November 06, 2008 08:56 PM by Lisa Stauber
Kitchen Nightmares heads just an hour outside of bustling New York City to a little hamlet in New Jersey. Owners of Hannah and Mason’s Restaurant have called for help, and it’s no wonder. Friends Chris and Brian are running the restaurant into the ground.
Brian is the chef, and he’s easy going and lazy. He’s not the take charge type, and doesn’t lead the kitchen. Chris feels that he does all the work and pays all of the bills. He orders the food, manages the staff, and then works as a line cook.

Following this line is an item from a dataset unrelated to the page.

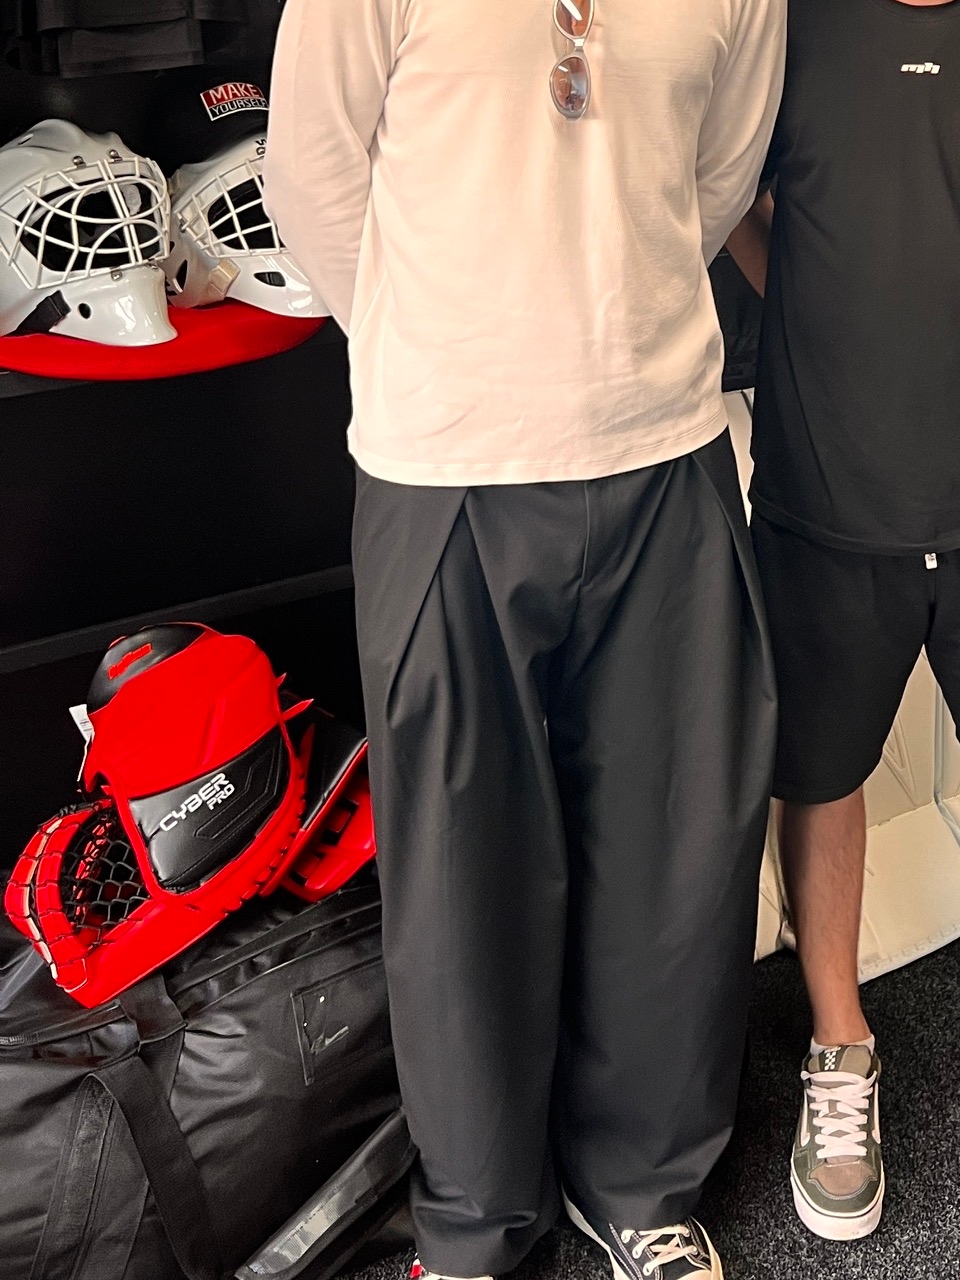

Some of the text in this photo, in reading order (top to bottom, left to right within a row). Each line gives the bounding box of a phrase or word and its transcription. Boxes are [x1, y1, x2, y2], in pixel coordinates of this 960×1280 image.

Brian doesn’t feel like working too much, so the restaurant is only open three nights a week. They’re bouncing checks, and their waitress has to ask if her paycheck is good before she puts it in the bank. They definitely need a Ramsay intervention!
It’s Valentine’s Day, a monster day for restaurants. Ramsay notices the sign on the awning is missing a letter, and the manager is just 23 years old. He orders baked onion soup, quiche, and a lamb lollipop. The soup is covered with a mountain of greasy onion rings, followed with a thick layer of cheese. “It’s absolutely tasteless,” he says, “it tastes like the gunk from the dishwasher.” Brian’s in denial. “I find it hard that it’s as bad as he says,” the chef snaps. The lamb is undercooked, and the sauce is too sweet. Ramsay thinks the quiche tastes like it’s been left out of the fridge too long, and it’s runny.
Ramsay heads to the kitchen for a meeting. Chris thinks that Brian doesn’t have any passion. Brian admits that he doesn’t want to own a restaurant and rarely comes up with new dishes. Ramsay will be back to observe the Valentine’s Dinner service. The dessert plate has old, dried out desserts on it. Chris says it’s for display purposes only, but Ramsay points out nothing looks appetizing. Ramsay discovers nobody checks the food before it goes out, and several salads have rotten lettuce. The prep cook says he hasn’t washed it, just assuming it was pre-washed. “This shouldn’t be sent out,” Brian says, but he’s not willing to keep an eye on things.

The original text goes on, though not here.